**** EXERCISE DATA ****
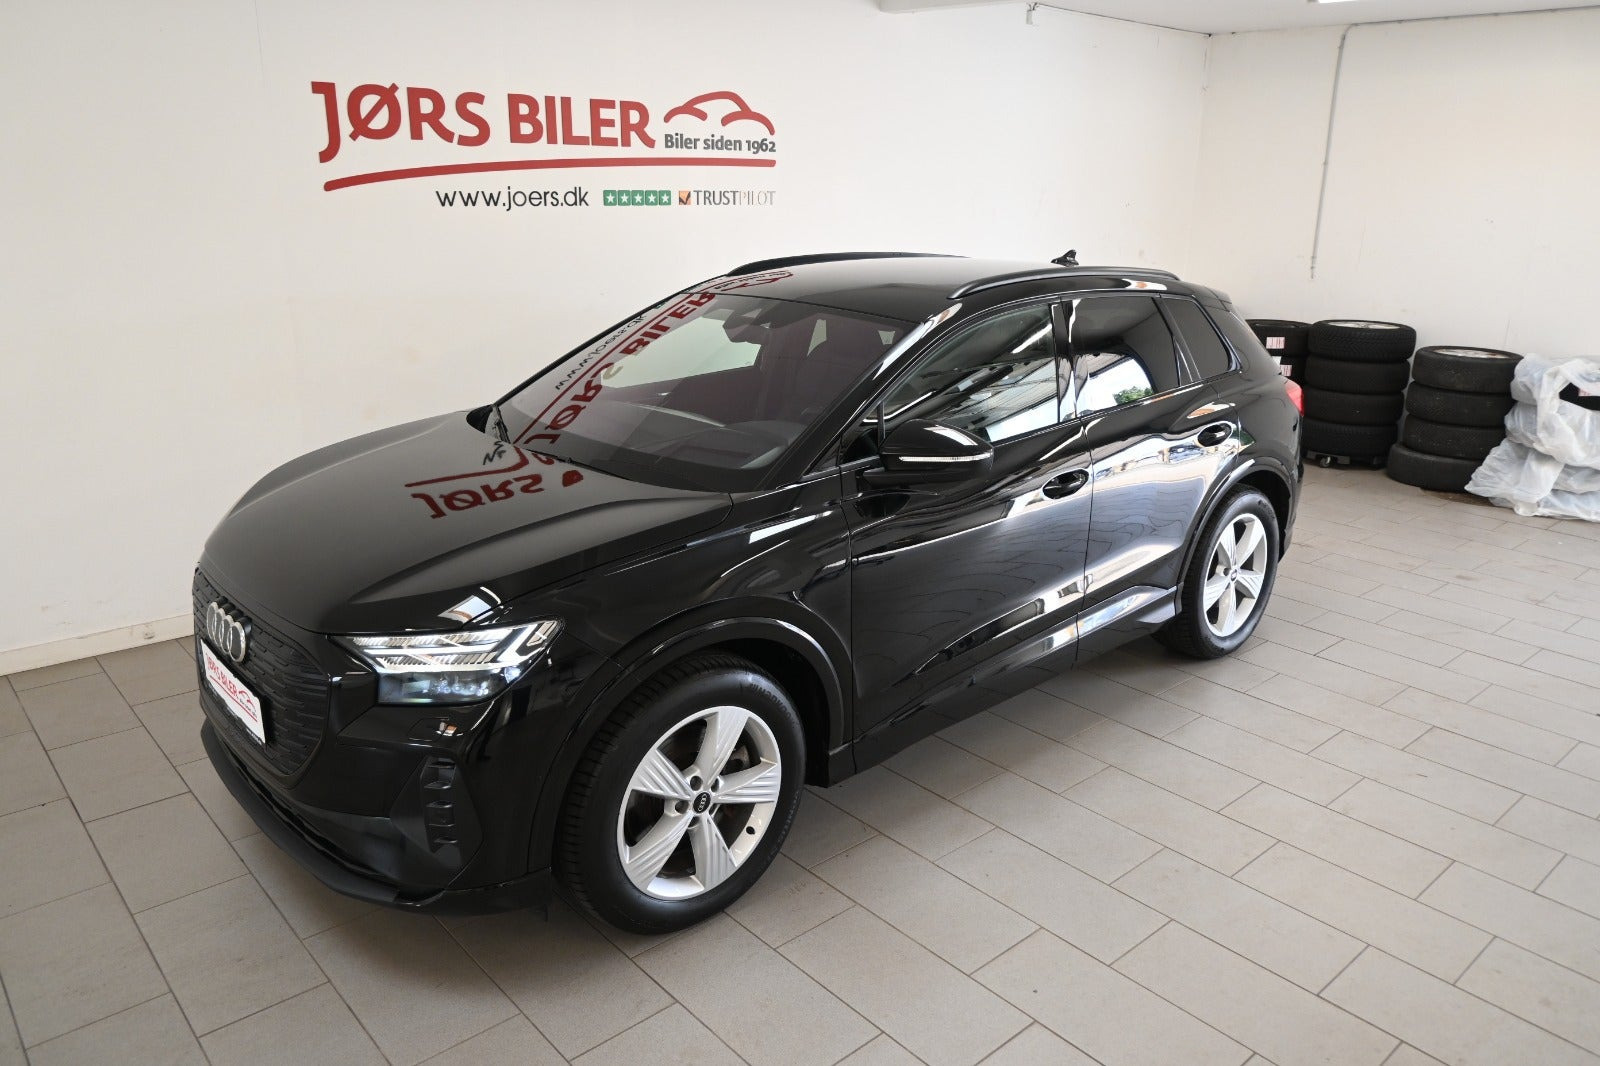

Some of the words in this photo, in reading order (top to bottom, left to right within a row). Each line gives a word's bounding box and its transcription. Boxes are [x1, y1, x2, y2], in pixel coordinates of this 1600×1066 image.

[310, 80, 491, 164] JØRS
[507, 92, 656, 149] BILER
[664, 132, 701, 150] Biler
[703, 134, 743, 152] siden
[745, 137, 777, 155] 1962
[435, 186, 589, 212] www.joers.dk
[692, 189, 776, 206] TRUSTPILOT
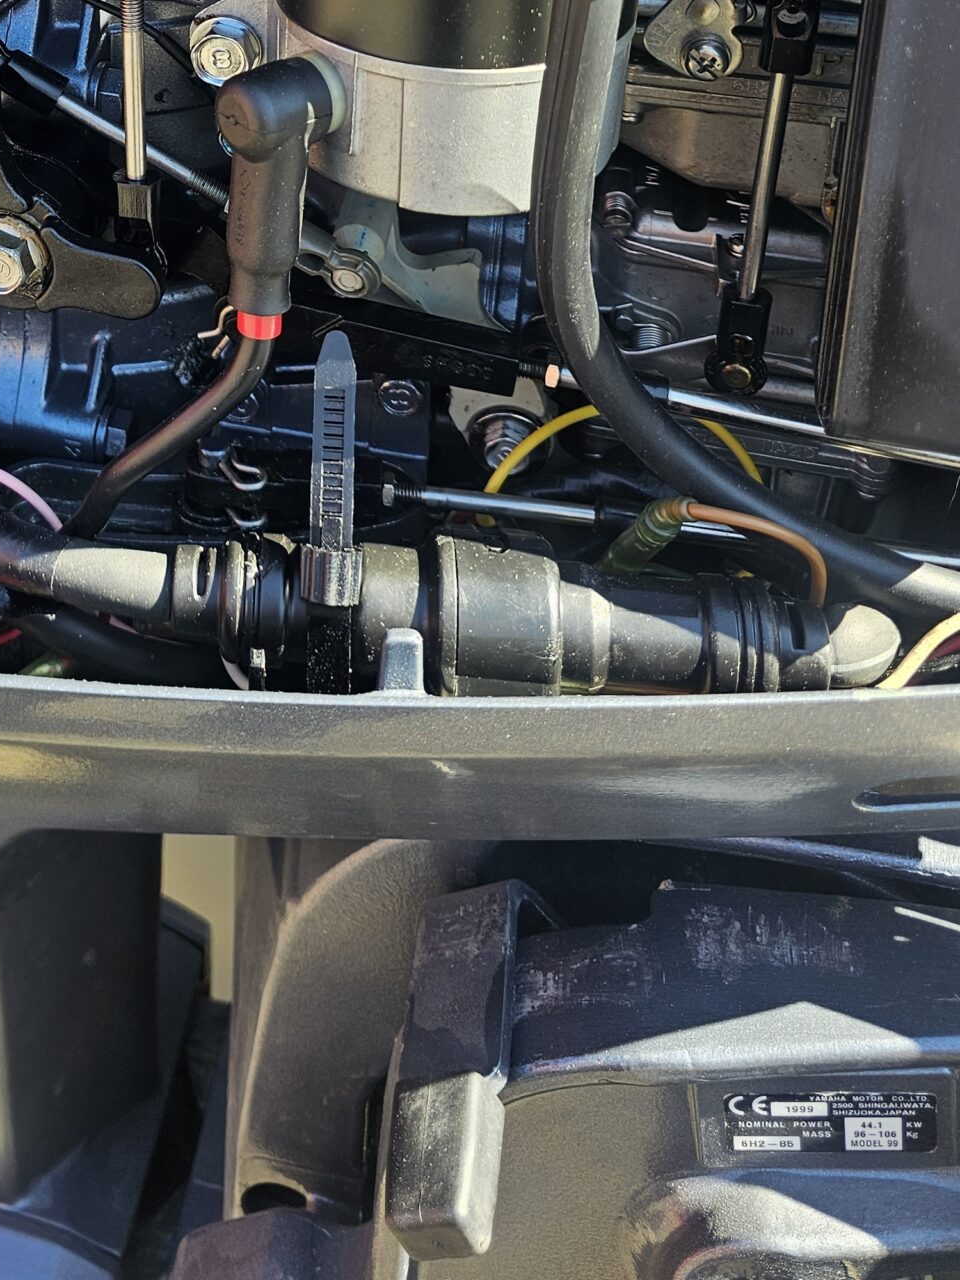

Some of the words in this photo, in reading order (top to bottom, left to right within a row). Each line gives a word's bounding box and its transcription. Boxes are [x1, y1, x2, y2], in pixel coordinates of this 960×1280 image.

[728, 1095, 768, 1116] CE
[802, 1130, 832, 1138] MASS
[906, 1131, 919, 1139] Kg
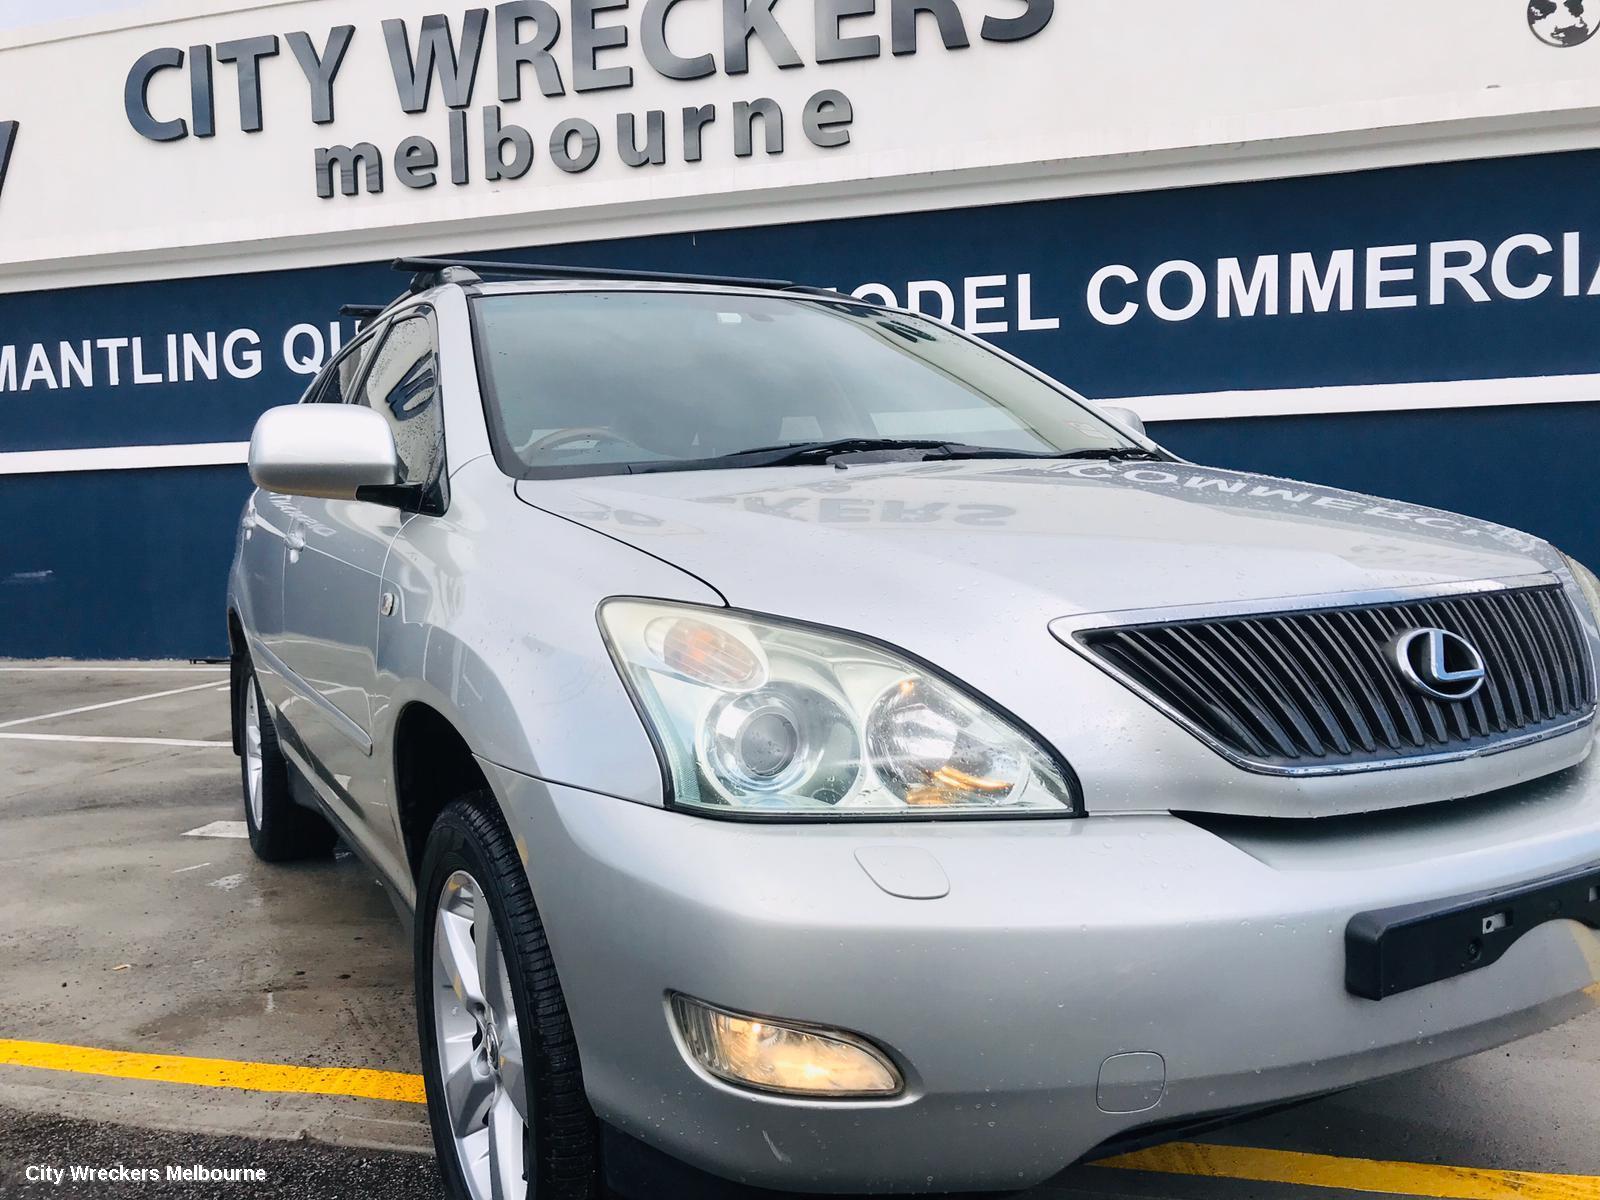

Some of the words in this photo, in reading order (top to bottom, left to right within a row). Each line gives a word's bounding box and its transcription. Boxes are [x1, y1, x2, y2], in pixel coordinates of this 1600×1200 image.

[124, 24, 355, 142] CITY
[314, 88, 853, 199] melbourne
[1086, 231, 1600, 326] COMMERCI
****
▸ YOUR OBJECTIVE: Be exact. Write out all the entries and omit the pictures.

▸ EXPECTED OUTPUT:
Some of the words in this photo, in reading order (top to bottom, left to right within a row). Each line gives a word's bounding box and its transcription. Boxes are [x1, y1, x2, y2], in pixel coordinates of this 1600×1066 image.

[310, 80, 491, 164] JØRS
[507, 92, 656, 149] BILER
[664, 132, 701, 150] Biler
[703, 134, 743, 152] siden
[745, 137, 777, 155] 1962
[435, 186, 589, 212] www.joers.dk
[692, 189, 776, 206] TRUSTPILOT

Some of the words in this photo, in reading order (top to bottom, left to right within a row). Each line gives a word's bounding box and its transcription. Boxes are [x1, y1, x2, y2], in pixel coordinates of this 960×1280 image.

[728, 1095, 768, 1116] CE
[802, 1130, 832, 1138] MASS
[906, 1131, 919, 1139] Kg

Some of the words in this photo, in reading order (top to bottom, left to right within a row). Each line gives a word's bounding box and its transcription. Boxes are [x1, y1, x2, y2], in pixel coordinates of this 1600×1200 image.

[124, 24, 355, 142] CITY
[314, 88, 853, 199] melbourne
[1086, 231, 1600, 326] COMMERCI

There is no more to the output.